** Opening Excerpted records block **
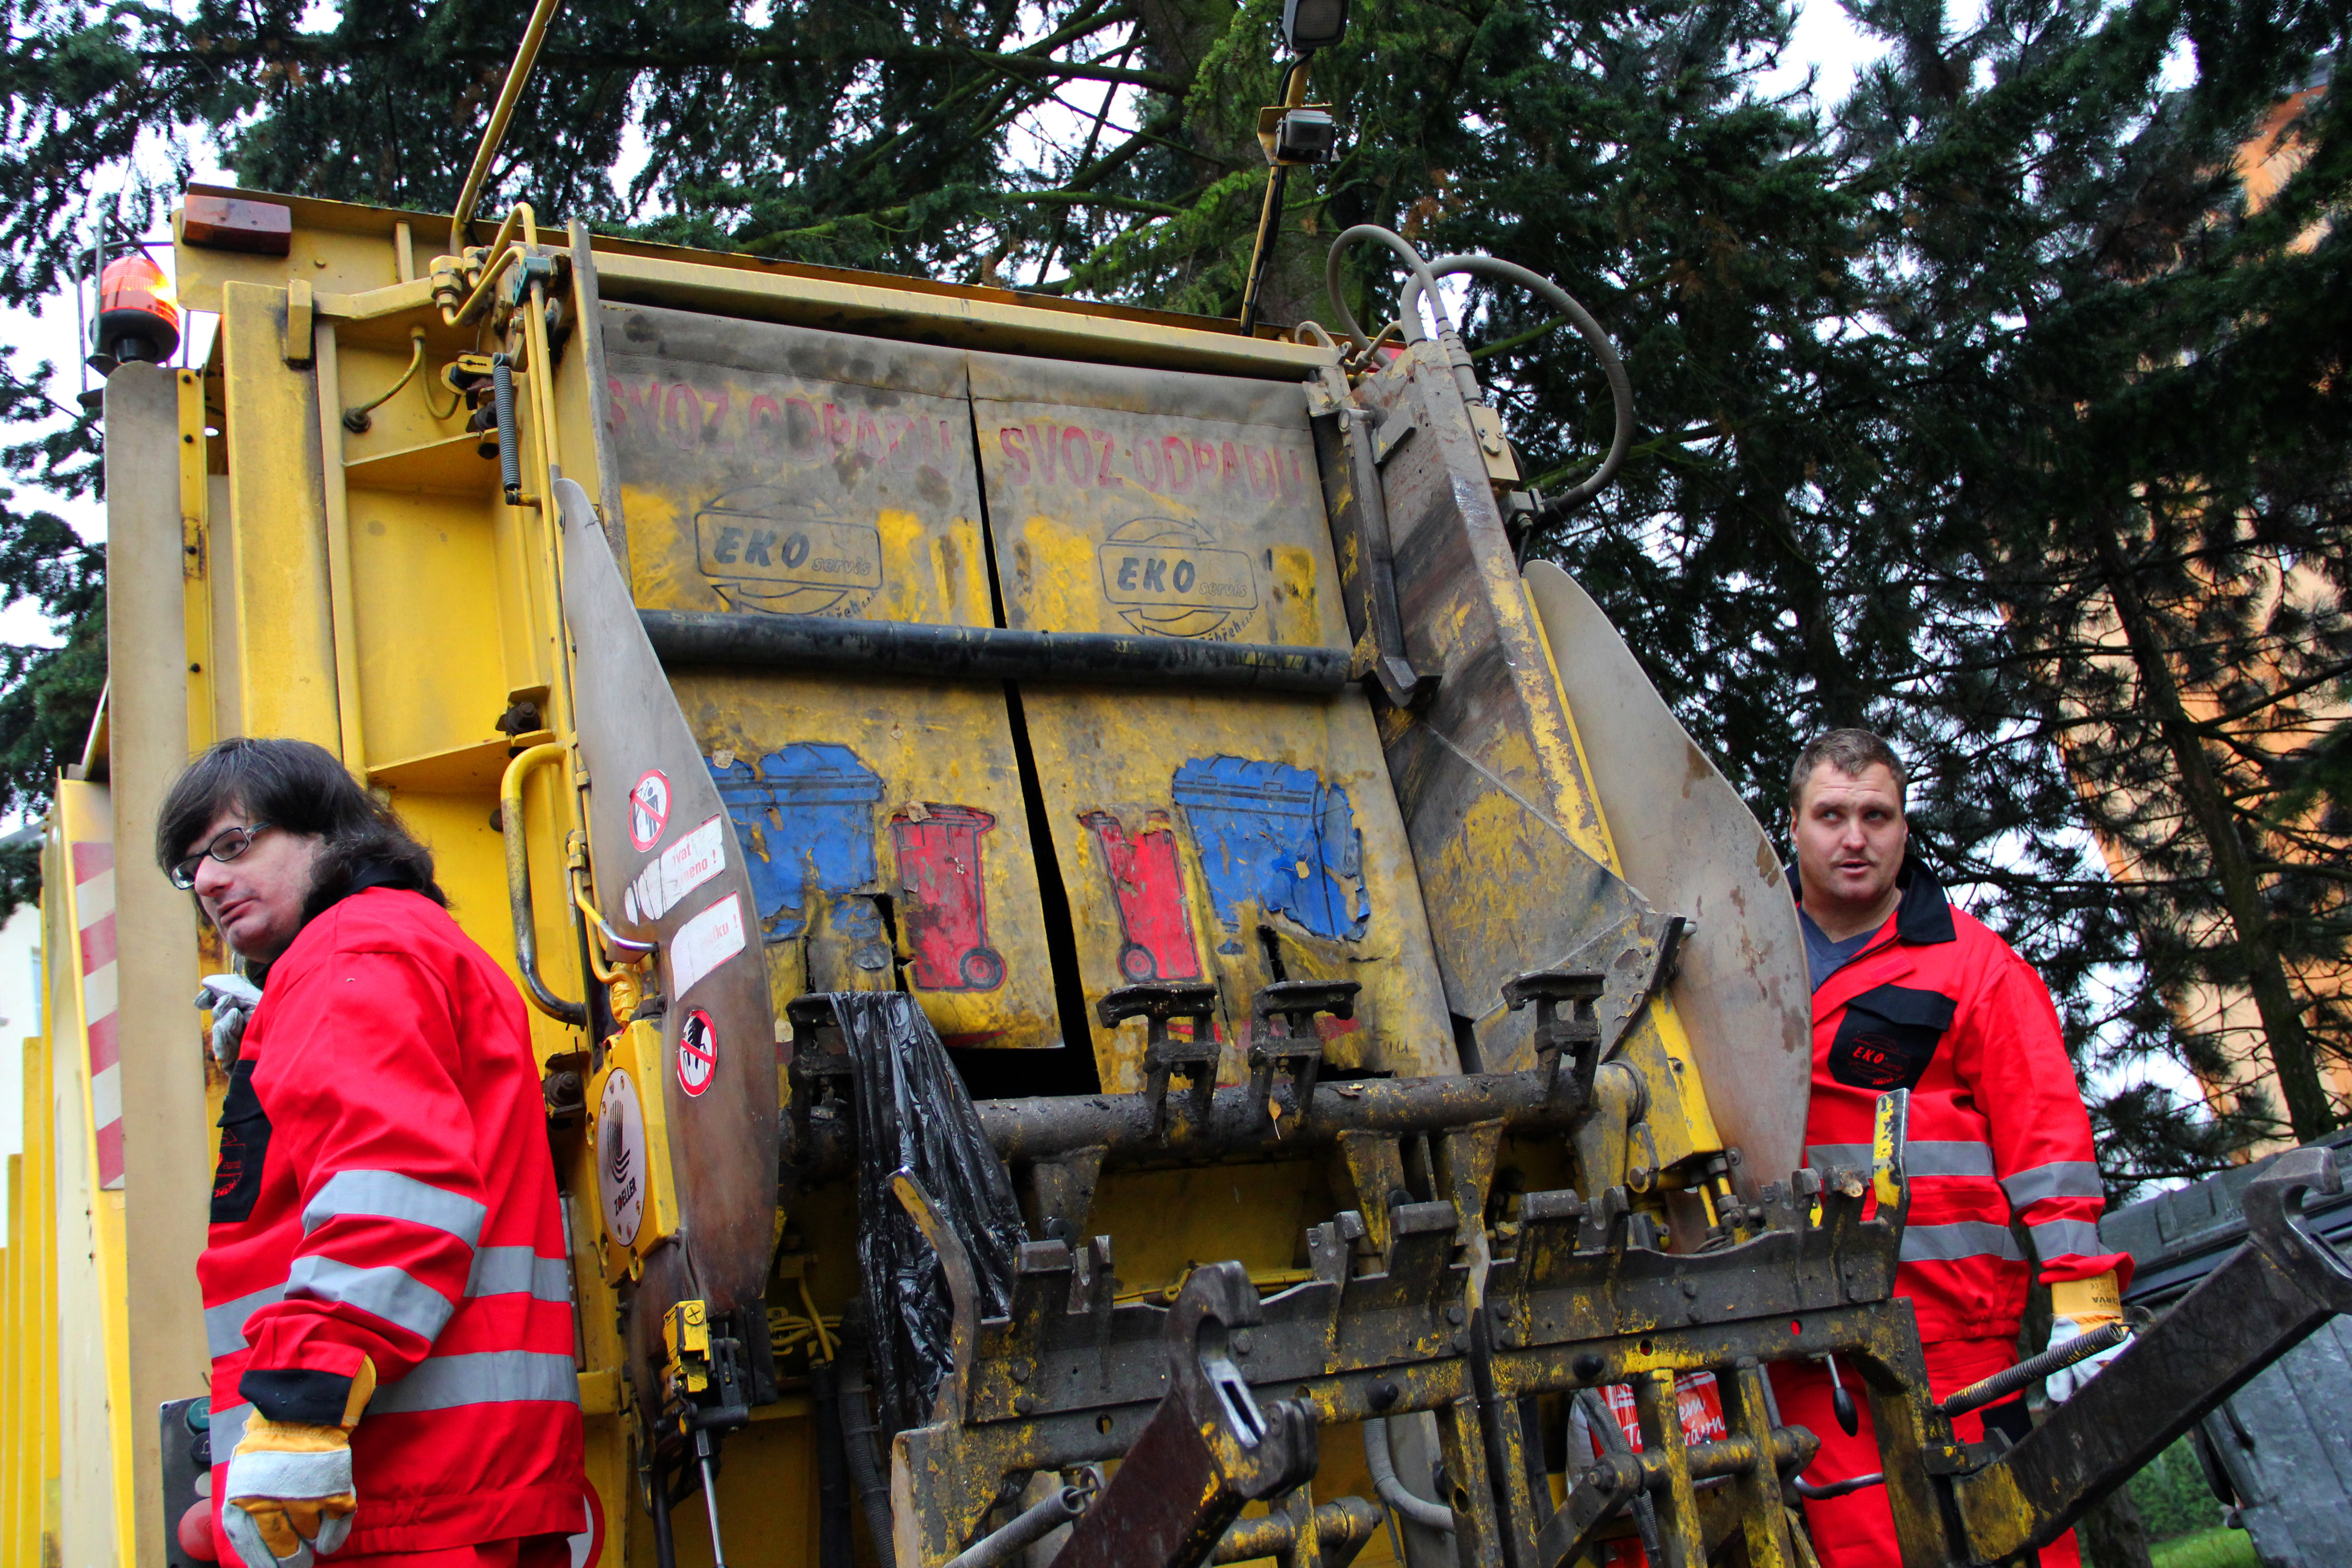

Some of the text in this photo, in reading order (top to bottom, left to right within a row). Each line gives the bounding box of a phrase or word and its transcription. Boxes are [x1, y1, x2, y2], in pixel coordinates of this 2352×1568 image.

[607, 375, 953, 473] SVOZ ODPADU
[1000, 425, 1305, 506] SVOZ ODPADU
[713, 526, 810, 569] EKO
[811, 556, 872, 577] servis
[1117, 557, 1196, 593] EKO
[1198, 580, 1247, 598] servis
[1852, 1046, 1886, 1064] EKO
[614, 1176, 637, 1217] ZOELLER
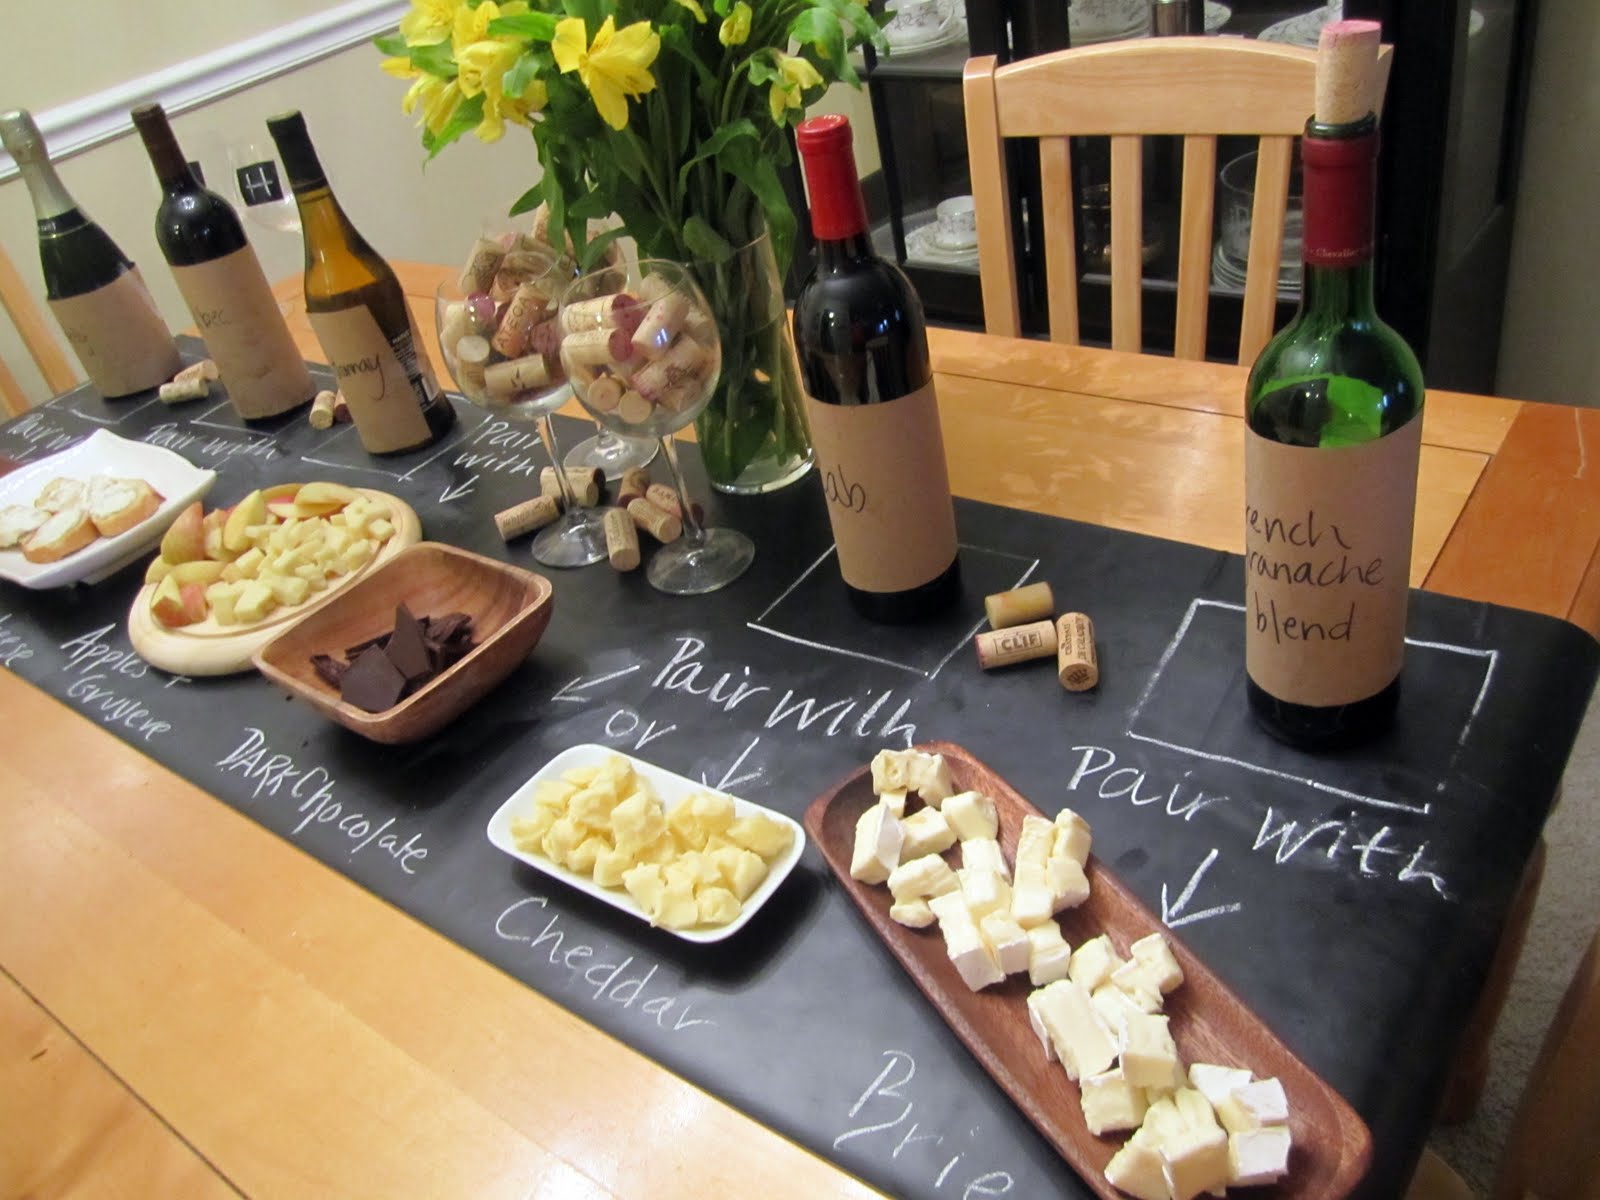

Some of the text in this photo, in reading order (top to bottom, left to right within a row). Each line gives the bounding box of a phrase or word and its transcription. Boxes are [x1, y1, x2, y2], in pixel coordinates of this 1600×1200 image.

[245, 166, 274, 201] H
[145, 421, 278, 461] Pair with
[472, 421, 546, 450] Pair
[453, 450, 535, 477] with
[1001, 632, 1039, 651] CLIF
[1254, 591, 1356, 645] blend
[59, 622, 151, 679] Apples
[651, 636, 917, 748] Pair with
[215, 726, 430, 875] DARK Chocolate
[1066, 745, 1231, 821] Pair
[494, 896, 718, 1031] Cheddar
[832, 1049, 1015, 1200] Brie
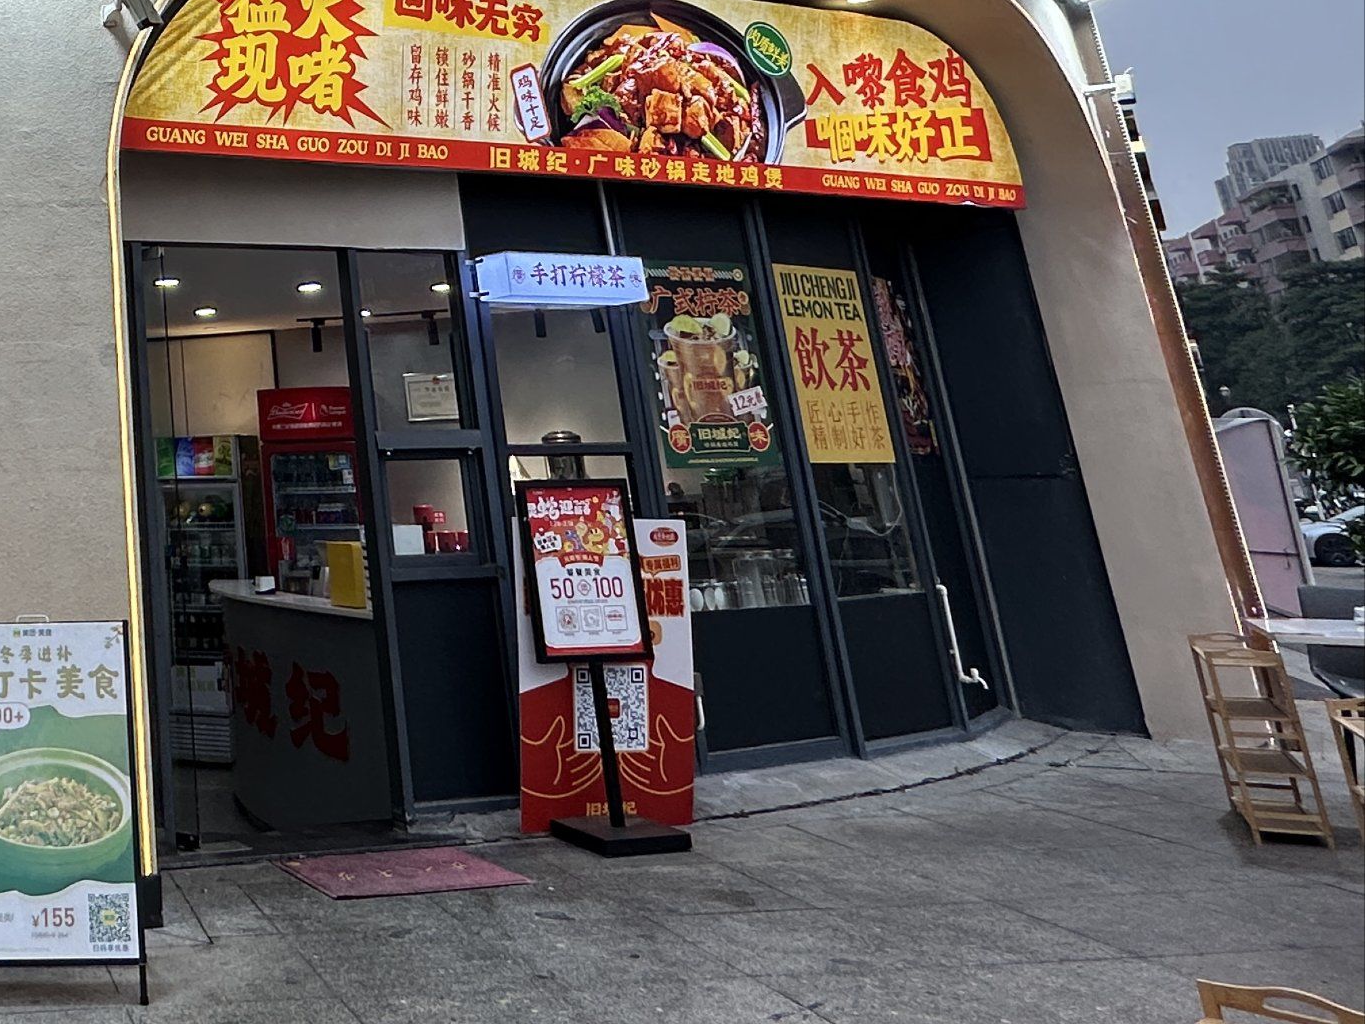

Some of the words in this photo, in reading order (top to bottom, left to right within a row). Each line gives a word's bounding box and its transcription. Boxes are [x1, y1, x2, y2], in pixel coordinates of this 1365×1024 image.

[405, 43, 424, 128] 留存鸡味
[434, 46, 451, 130] 锁住鲜嫩
[460, 49, 476, 131] 砂锅干香
[485, 51, 502, 132] 精准火候
[516, 73, 546, 134] 鸡味十足
[145, 125, 207, 145] GUANG
[214, 130, 249, 148] WEI
[255, 134, 290, 151] SHA
[296, 136, 331, 153] GUO
[337, 138, 368, 156] ZOU
[375, 140, 392, 157] DI
[397, 142, 411, 160] JI
[417, 143, 449, 160] BAO
[489, 145, 784, 190] 旧城纪·广味砂锅走地鸡煲
[821, 175, 860, 191] GUANG
[864, 177, 887, 193] WEI
[890, 179, 913, 194] SHA
[918, 181, 940, 196] GUO
[945, 182, 970, 198] ZOU
[974, 185, 985, 199] DI
[987, 187, 995, 201] JI
[998, 188, 1016, 202] BAO
[529, 262, 626, 288] 手打柠檬茶
[650, 285, 741, 317] 广式柠茶
[785, 300, 833, 320] LEMON
[834, 302, 863, 322] TEA
[794, 326, 871, 392] 飲茶
[806, 399, 880, 425] 匠心手作
[550, 576, 575, 599] 50
[593, 575, 624, 599] 100
[0, 644, 73, 664] 冬季进补
[586, 801, 638, 817] 旧纪
[31, 907, 75, 928] ¥155
** Closing Excerpted records block **
Apart from the pictures, every line above must be printed exactly.

Some of the text in this photo, in reading order (top to bottom, left to right within a row). Each line gives the bounding box of a phrase or word and its transcription. Boxes are [x1, y1, x2, y2], in pixel coordinates of this 2352×1568 image.

[607, 375, 953, 473] SVOZ ODPADU
[1000, 425, 1305, 506] SVOZ ODPADU
[713, 526, 810, 569] EKO
[811, 556, 872, 577] servis
[1117, 557, 1196, 593] EKO
[1198, 580, 1247, 598] servis
[1852, 1046, 1886, 1064] EKO
[614, 1176, 637, 1217] ZOELLER

Some of the text in this photo, in reading order (top to bottom, left to right within a row). Each line gives the bounding box of a phrase or word and its transcription. Boxes are [x1, y1, x2, y2], in pixel coordinates of this 1600×1200 image.

[245, 166, 274, 201] H
[145, 421, 278, 461] Pair with
[472, 421, 546, 450] Pair
[453, 450, 535, 477] with
[1001, 632, 1039, 651] CLIF
[1254, 591, 1356, 645] blend
[59, 622, 151, 679] Apples
[651, 636, 917, 748] Pair with
[215, 726, 430, 875] DARK Chocolate
[1066, 745, 1231, 821] Pair
[494, 896, 718, 1031] Cheddar
[832, 1049, 1015, 1200] Brie

Some of the words in this photo, in reading order (top to bottom, left to right within a row). Each line gives a word's bounding box and its transcription. Boxes are [x1, y1, x2, y2], in pixel coordinates of this 1365×1024 image.

[405, 43, 424, 128] 留存鸡味
[434, 46, 451, 130] 锁住鲜嫩
[460, 49, 476, 131] 砂锅干香
[485, 51, 502, 132] 精准火候
[516, 73, 546, 134] 鸡味十足
[145, 125, 207, 145] GUANG
[214, 130, 249, 148] WEI
[255, 134, 290, 151] SHA
[296, 136, 331, 153] GUO
[337, 138, 368, 156] ZOU
[375, 140, 392, 157] DI
[397, 142, 411, 160] JI
[417, 143, 449, 160] BAO
[489, 145, 784, 190] 旧城纪·广味砂锅走地鸡煲
[821, 175, 860, 191] GUANG
[864, 177, 887, 193] WEI
[890, 179, 913, 194] SHA
[918, 181, 940, 196] GUO
[945, 182, 970, 198] ZOU
[974, 185, 985, 199] DI
[987, 187, 995, 201] JI
[998, 188, 1016, 202] BAO
[529, 262, 626, 288] 手打柠檬茶
[650, 285, 741, 317] 广式柠茶
[785, 300, 833, 320] LEMON
[834, 302, 863, 322] TEA
[794, 326, 871, 392] 飲茶
[806, 399, 880, 425] 匠心手作
[550, 576, 575, 599] 50
[593, 575, 624, 599] 100
[0, 644, 73, 664] 冬季进补
[586, 801, 638, 817] 旧纪
[31, 907, 75, 928] ¥155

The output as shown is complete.